Abstract: Despite the rapid adoption of Voice over IP (VoIP), its security implications are not yet fully understood. Since VoIP calls may traverse untrusted networks, packets should be encrypted to ensure confidentiality. However, we show that when the audio is encoded using variable bit rate codecs, the lengths of encrypted VoIP packets can be used to identify the phrases spoken within a call. Our results indicate that a passive observer can identify phrases from a standard speech corpus within encrypted calls with an average accuracy of 50%, and with accuracy greater than 90% for some phrases. Clearly, such an attack calls into question the efficacy of current VoIP encryption standards.

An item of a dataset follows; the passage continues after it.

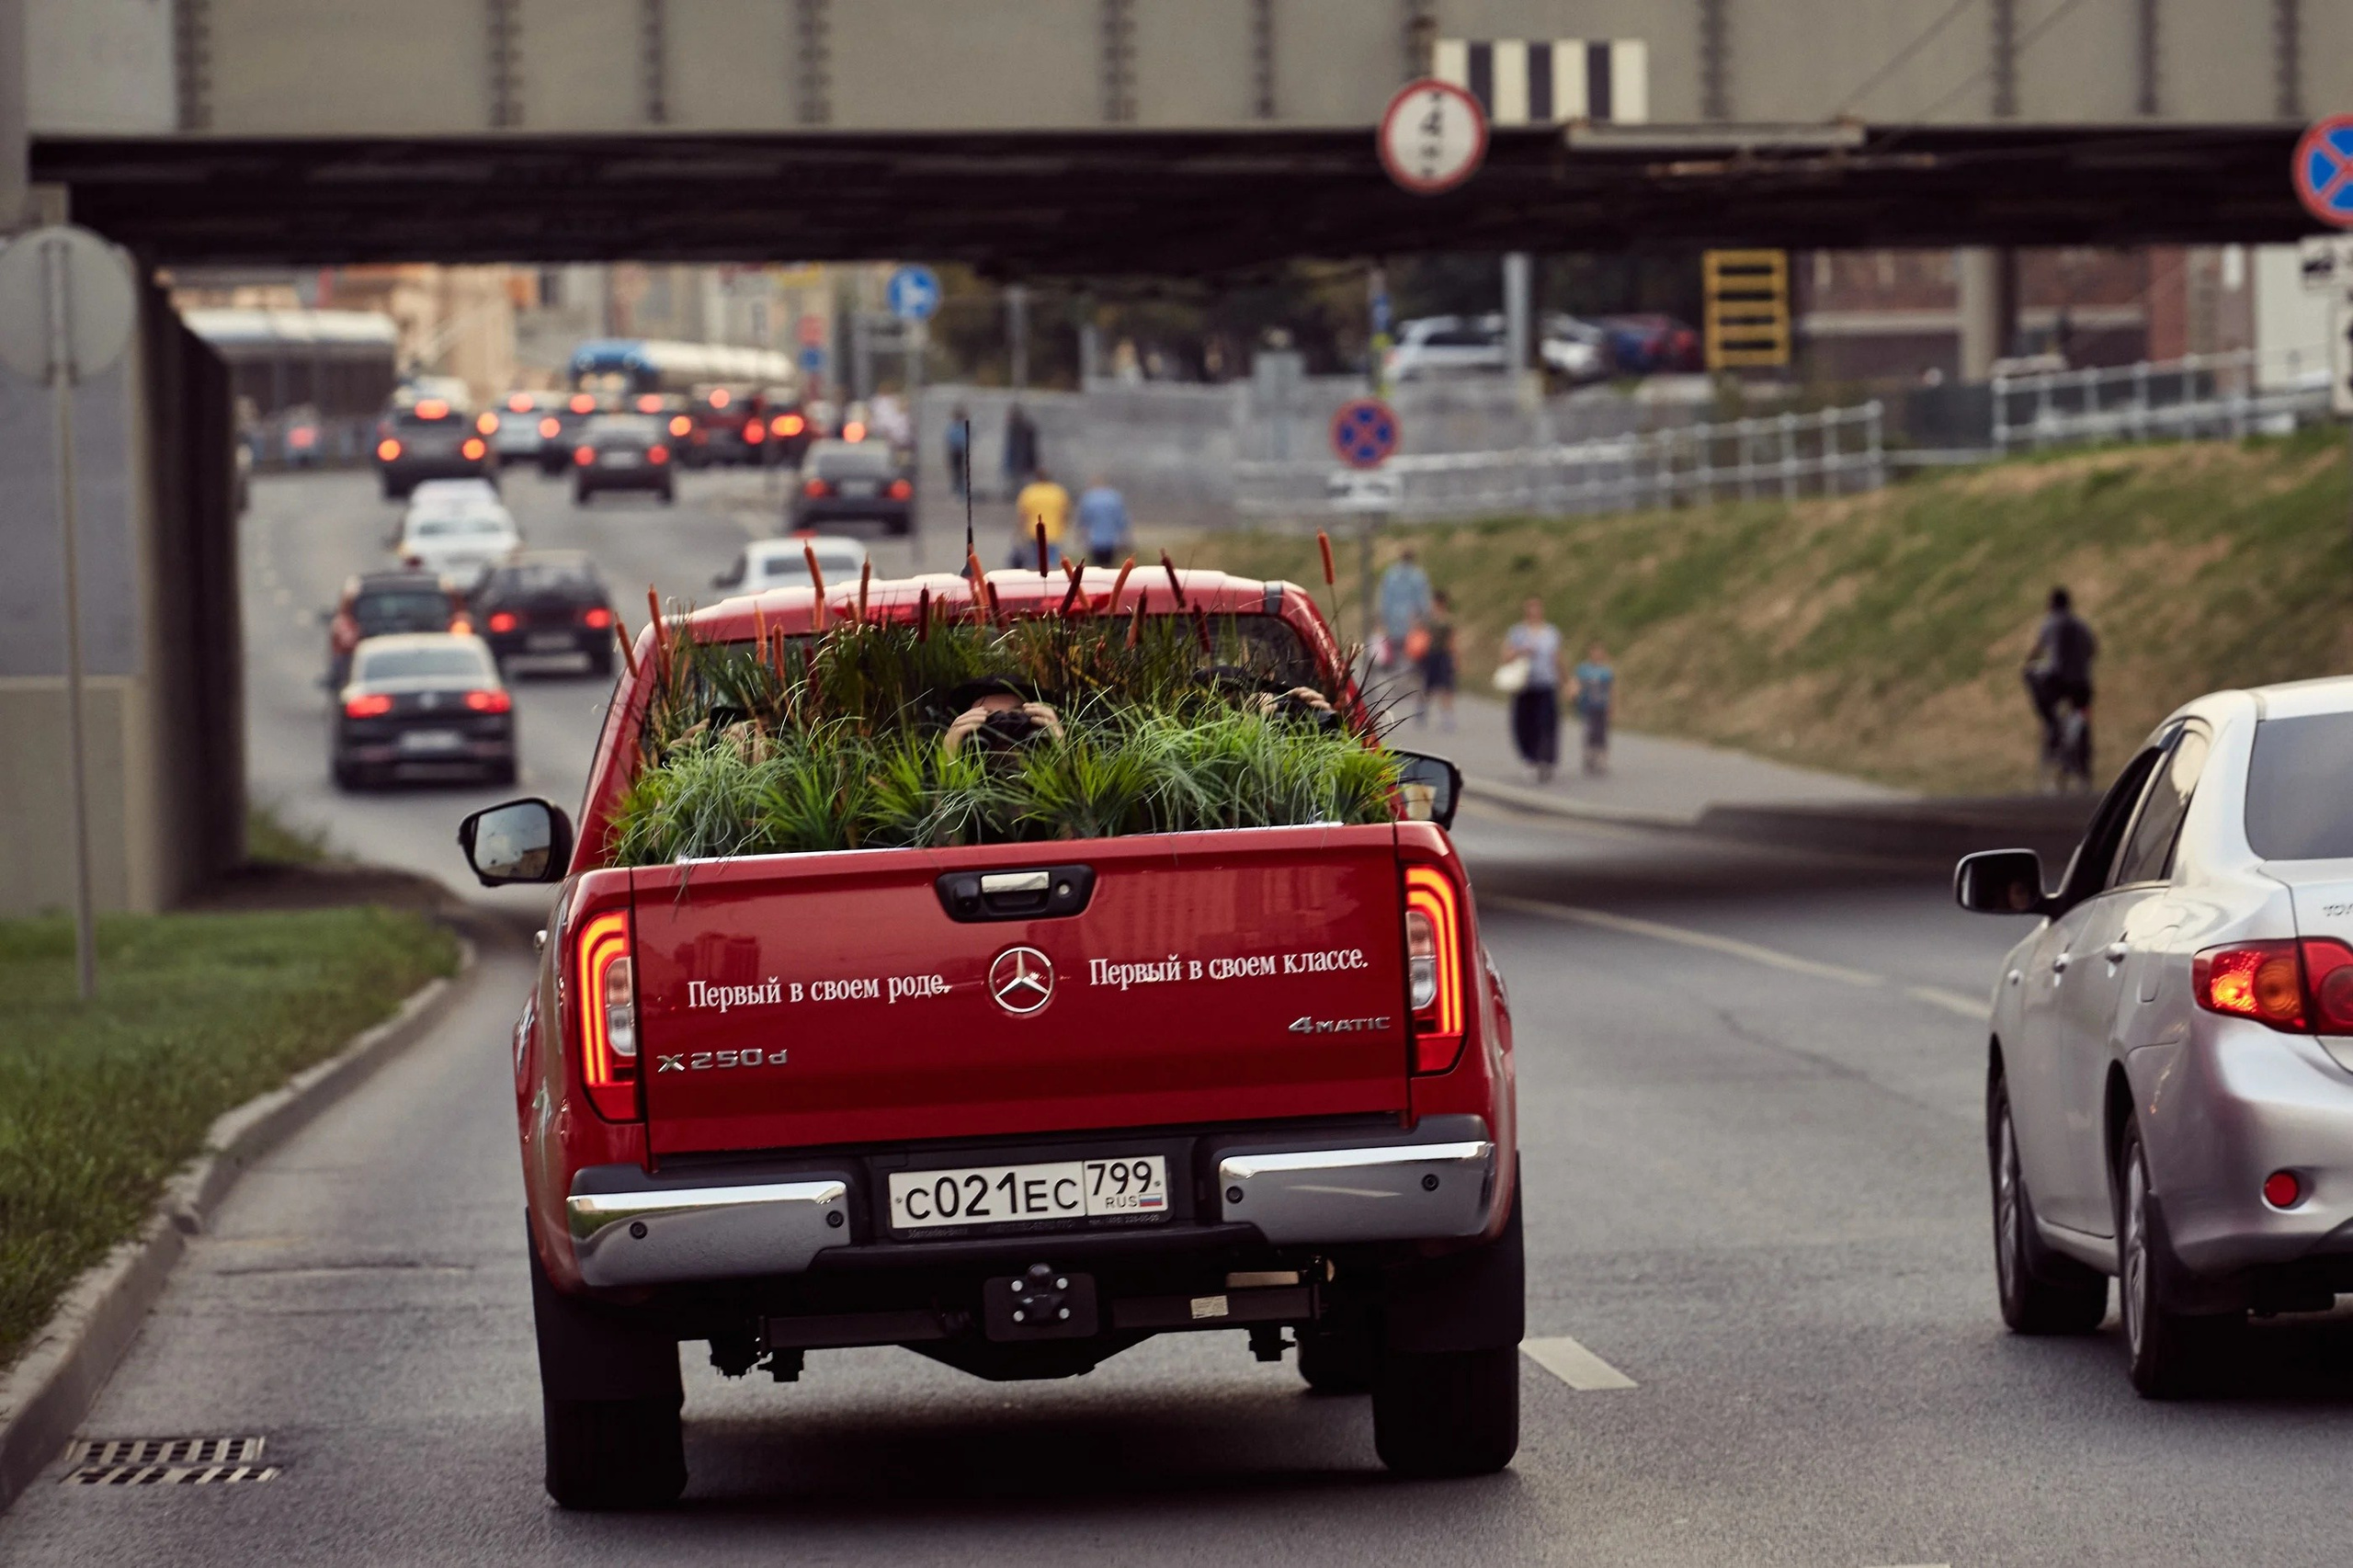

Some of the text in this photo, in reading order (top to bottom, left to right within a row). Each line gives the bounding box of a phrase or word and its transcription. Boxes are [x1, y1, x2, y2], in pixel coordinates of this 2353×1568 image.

In addition, we examine the impact of various features of the underlying audio on our performance and discuss methods for mitigation.

@article{wright2008smi,
  author       = {Charles V. Wright and Lucas Ballard and Scott E. Coull and Fabian Monrose and Gerald M. Masson},
  url          = {http://www.cs.jhu.edu/~cwright/oakland08.pdf},
  journal      = {Security and Privacy, 2008. SP 2008. IEEE Symposium on},
  year         = {2008},
  title        = {Spot me if you can: uncovering spoken phrases in encrypted {VoIP} conversations},
  pages        = {35--49},
}